The University of Tokyo holds a collection of plaster models of three-dimensional functions made in Germany between 1880 and 1890. This collection totalizing over 200 items, acquired and brought back to Japan by Senkichi Nakagawa, a Professor of Mathematics at the Imperial University who was studying in Germany during the Taisho era, is considerably rare even on an international scale. Diverse and varying curves characterize each of these objects. By transferring them to the realm of fashion according to high-level patterning and sewing techniques, we would like to reconsider again the fundamental issue of the human body, its forms and movements, an eternal problem facing every artist.

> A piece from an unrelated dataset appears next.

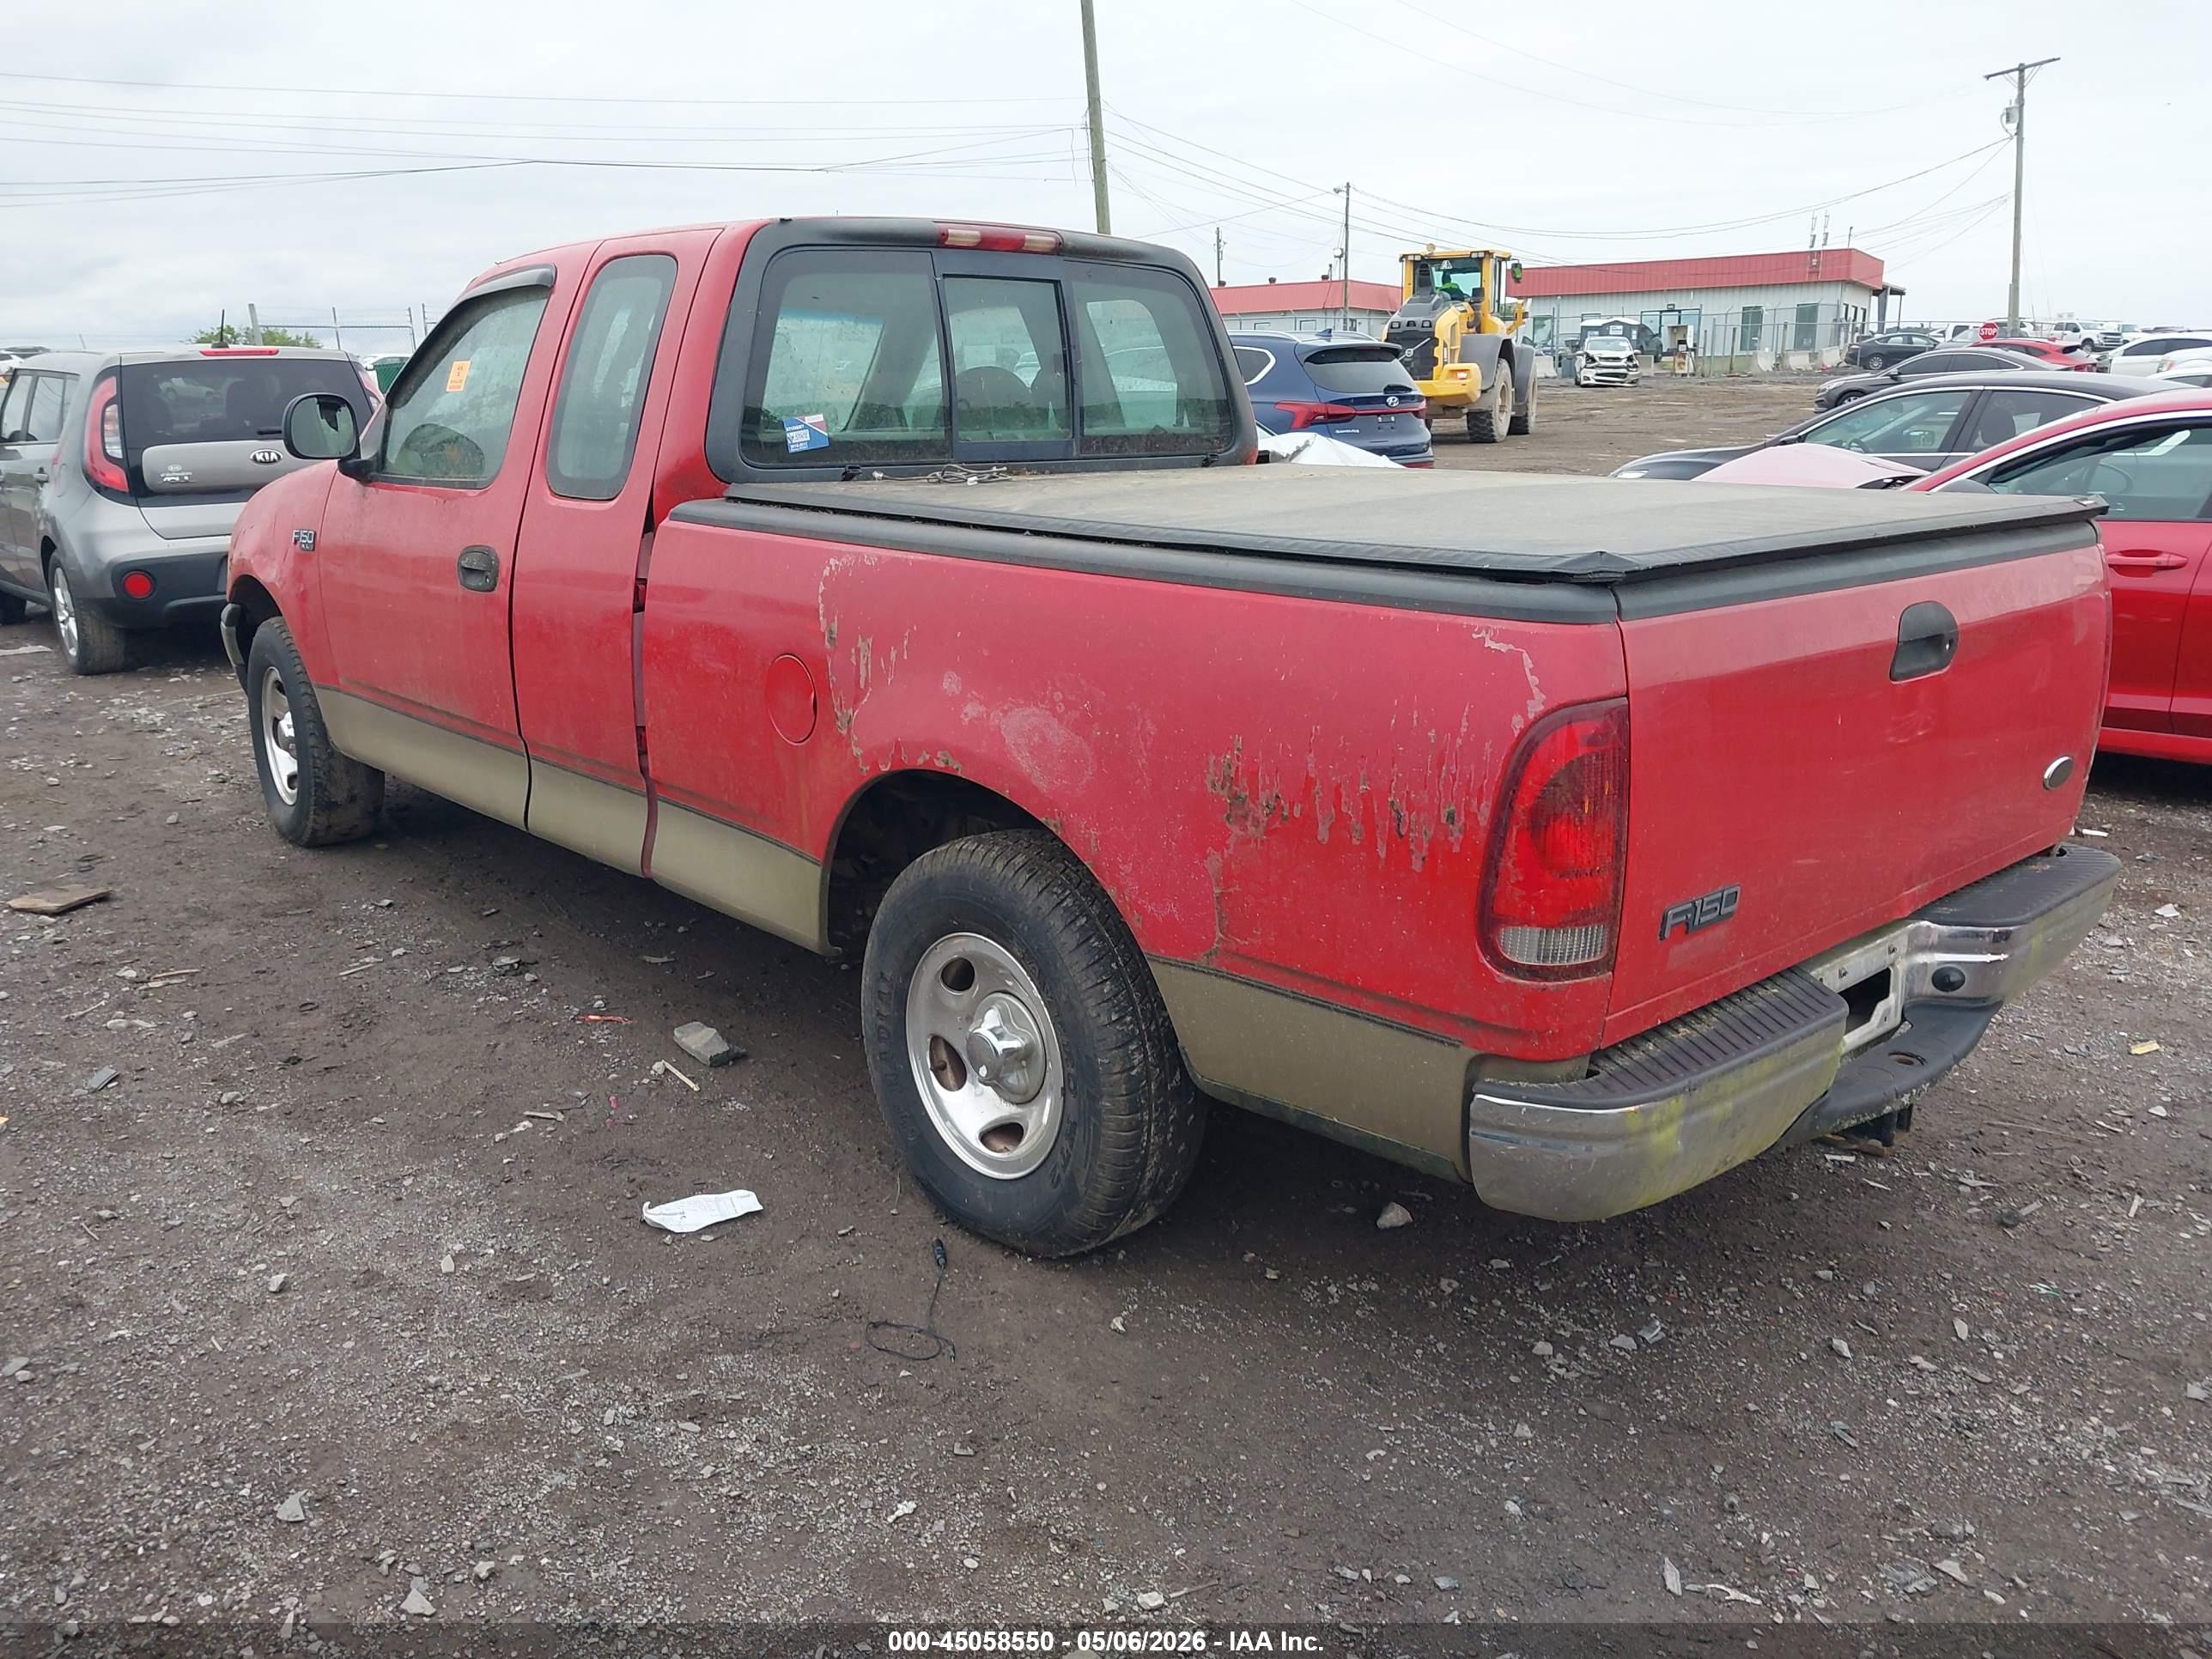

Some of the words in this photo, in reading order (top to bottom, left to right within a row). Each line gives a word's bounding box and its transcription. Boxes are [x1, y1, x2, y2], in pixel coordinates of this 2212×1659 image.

[1980, 327, 1997, 336] STOP
[255, 451, 278, 462] KIA
[1659, 884, 1741, 941] F150

It is the artist Yves Klein who used the word “Anthropometria” (literally “the measure of the human body”) in the field of the plastic arts. In the 1960s, he produced paintings by applying the IKB (International Klein Blue), an industrial pigment he named himself, to the naked bodies of women, pressing them on a canvas and making them roll over. He entitled these paintings Anthropométrie. In Japan, where the traditional stamping technique of takuhon (stone rubbing) exists, Klein’s title was once translated as jintaku (literally “stamping of the human body”). Among the exhibits presented here, the frames which once contained tattooed skin specimens from the Specimen room of the Faculty of Medicine now enclose slight human shadows on the remaining mounting papers, shadows which are precisely jintaku heralding the advent of the Anthropométrie series.
Klein’s work prefigures happenings in that it is a one-time artistic production, and as such it already has a legendary status in the world of art. Moreover, insofar as it has been a significant attempt at reducing human corporality on the bi-dimensional scale of the canvas, Klein’s work has considerably expanded the realm of possibilities for the artistic endeavors to come.